Last week, Franklin Templeton Mutual Fund announced its decision to wind up six yield-oriented, managed credit funds in the country effective April 23, citing severe market dislocation and illiquidity caused by the coronavirus. (Read: Franklin Templeton Shuts 6 India Funds)

That forced many fund houses to take steps aimed at reassuring their investors amid fears of a flood of redemption requests, as the closures sparked worries of panic withdrawals.

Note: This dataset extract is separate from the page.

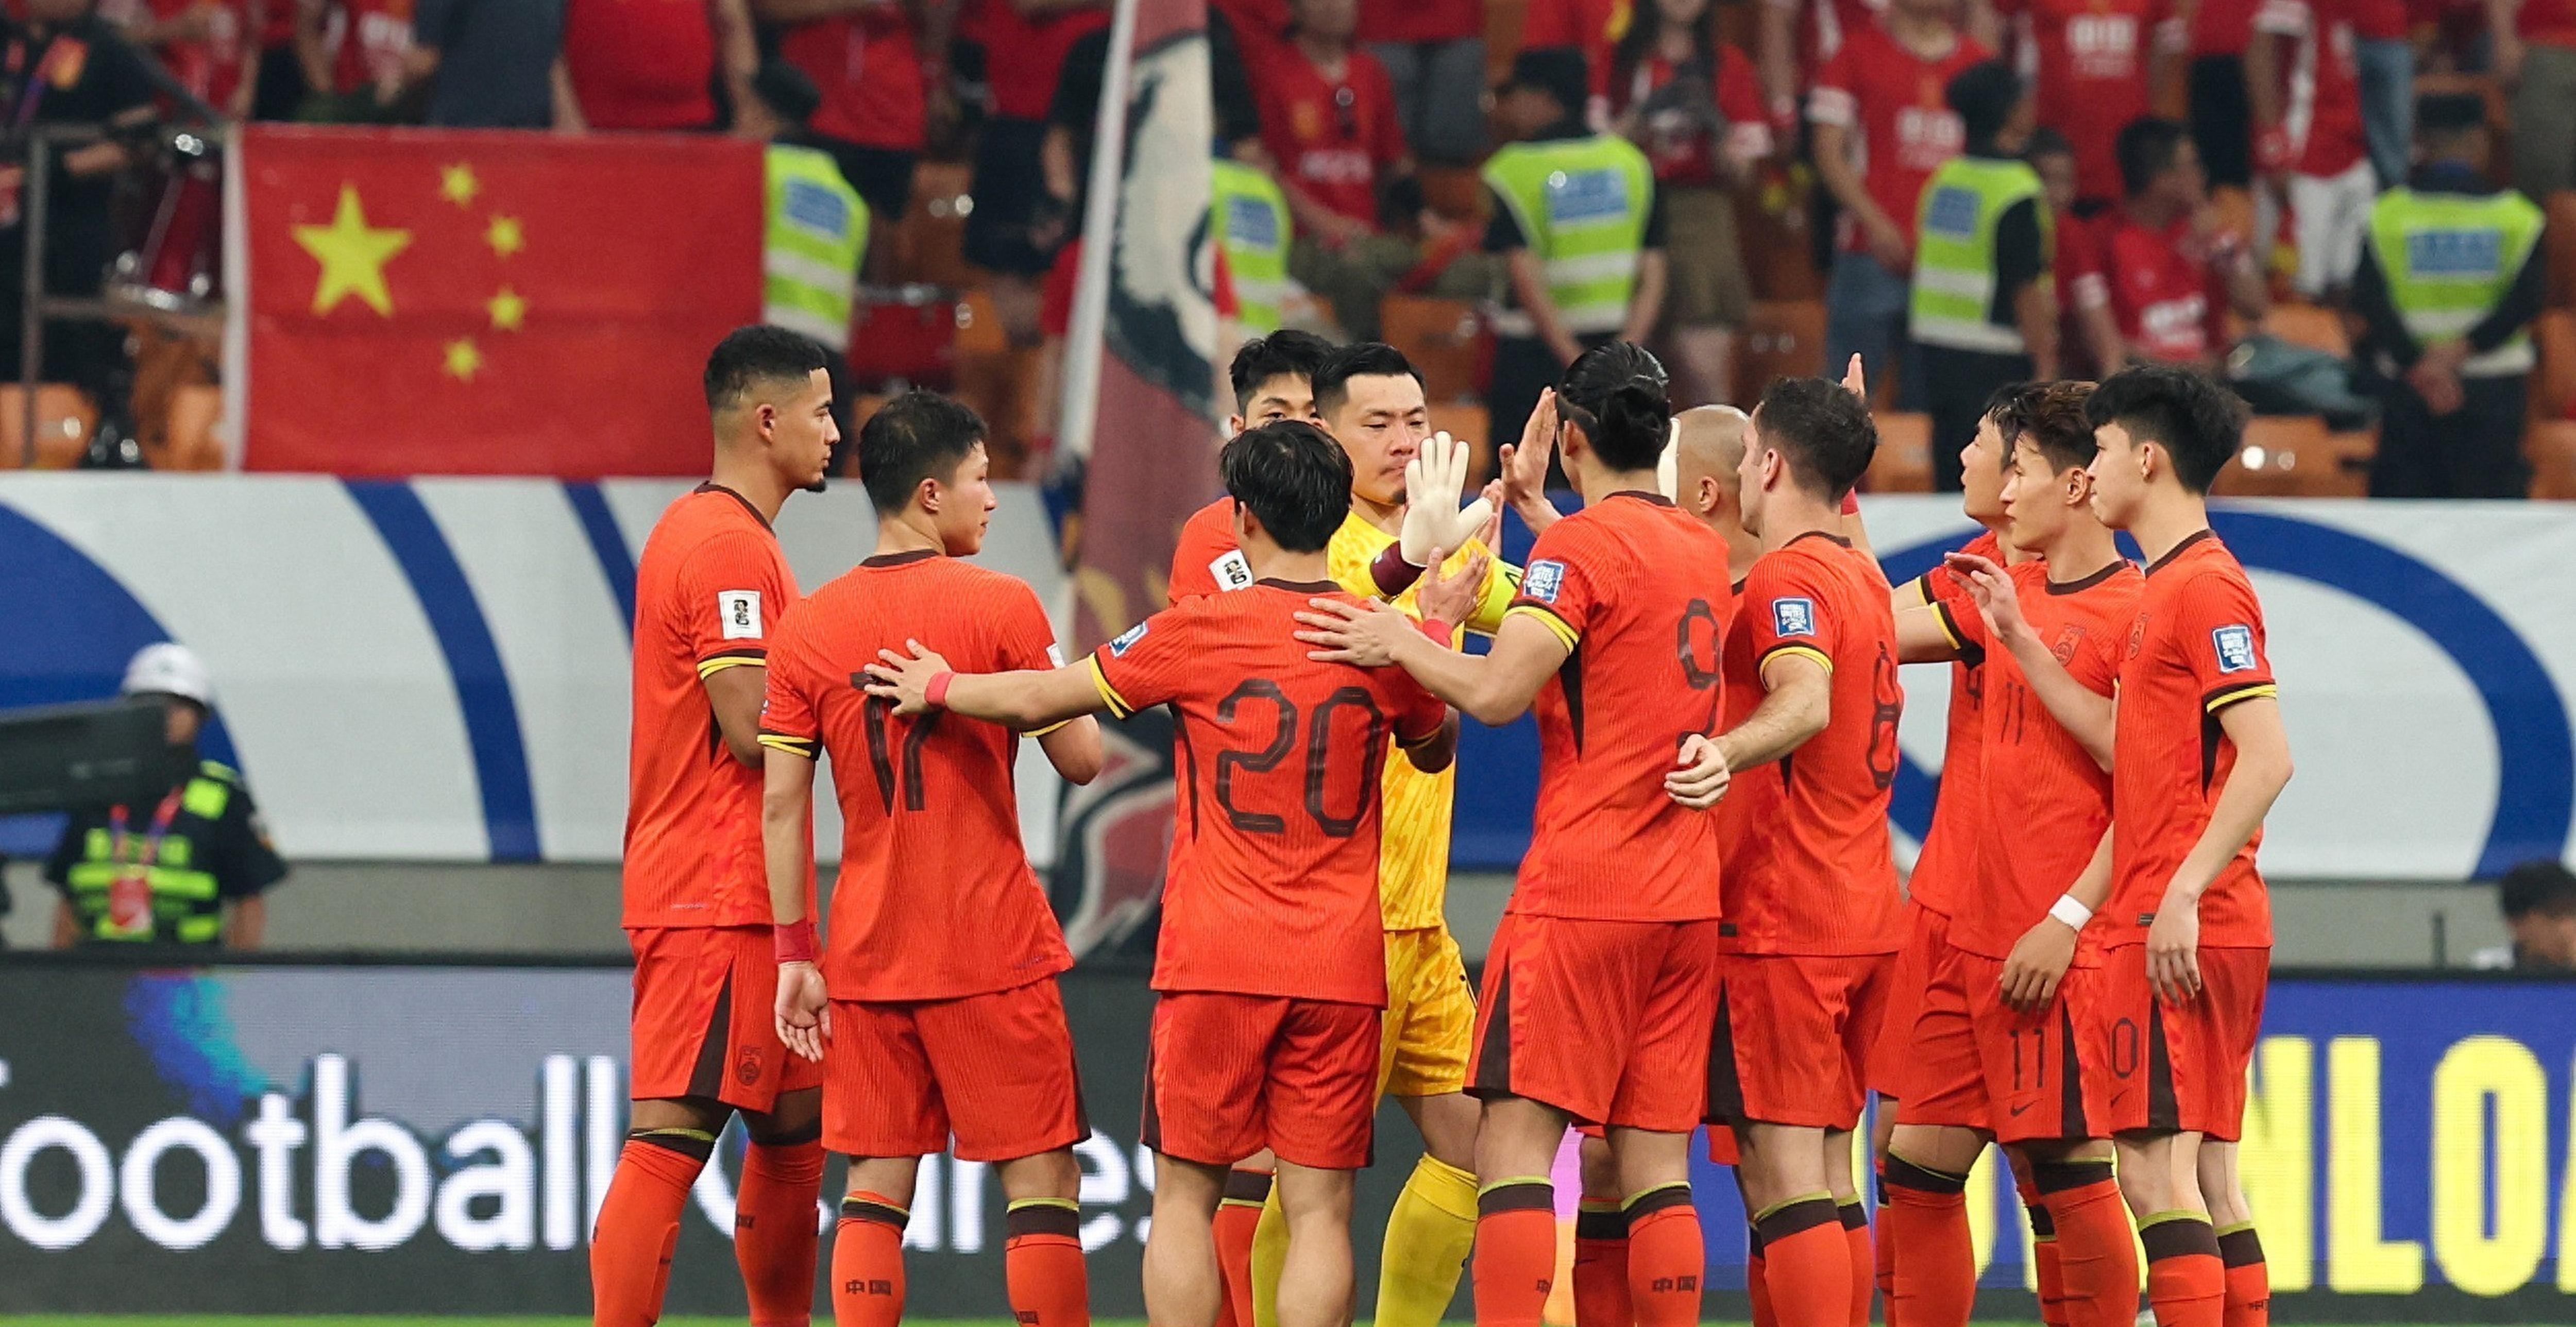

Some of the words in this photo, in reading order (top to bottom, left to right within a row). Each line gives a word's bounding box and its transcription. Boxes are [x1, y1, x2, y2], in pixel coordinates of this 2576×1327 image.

With assets worth more than Rs 86,000 crore as of the end of March, Franklin Templeton is the ninth largest mutual fund in the country, having set up shop over two decades ago. Franklin Templeton was long known for its focus on lower-rated papers such as “AA” and “A”, and in turn higher yields for its investors.

Former finance minister P Chidambaram welcomed the RBI’s move. “I am glad that RBI has taken note of the concerns expressed two days ago and requesting prompt action,” he said on Twitter.

The RBI reiterated that it remains vigilant and will take any steps necessary to mitigate the economic impact of COVID-19 and preserve financial stability.

The government has extended the biggest lockdown in the world to curb the spread of the coronavirus outbreak, according to official data.

It has so far announced a spending package of Rs 1.7 lakh crore, whereas the central bank has cut key interest rates, and brought in targeted long-term repo operations to ease liquidity in the system. India has reported 26,496 infections and 824 deaths due to the COVID-19 disease.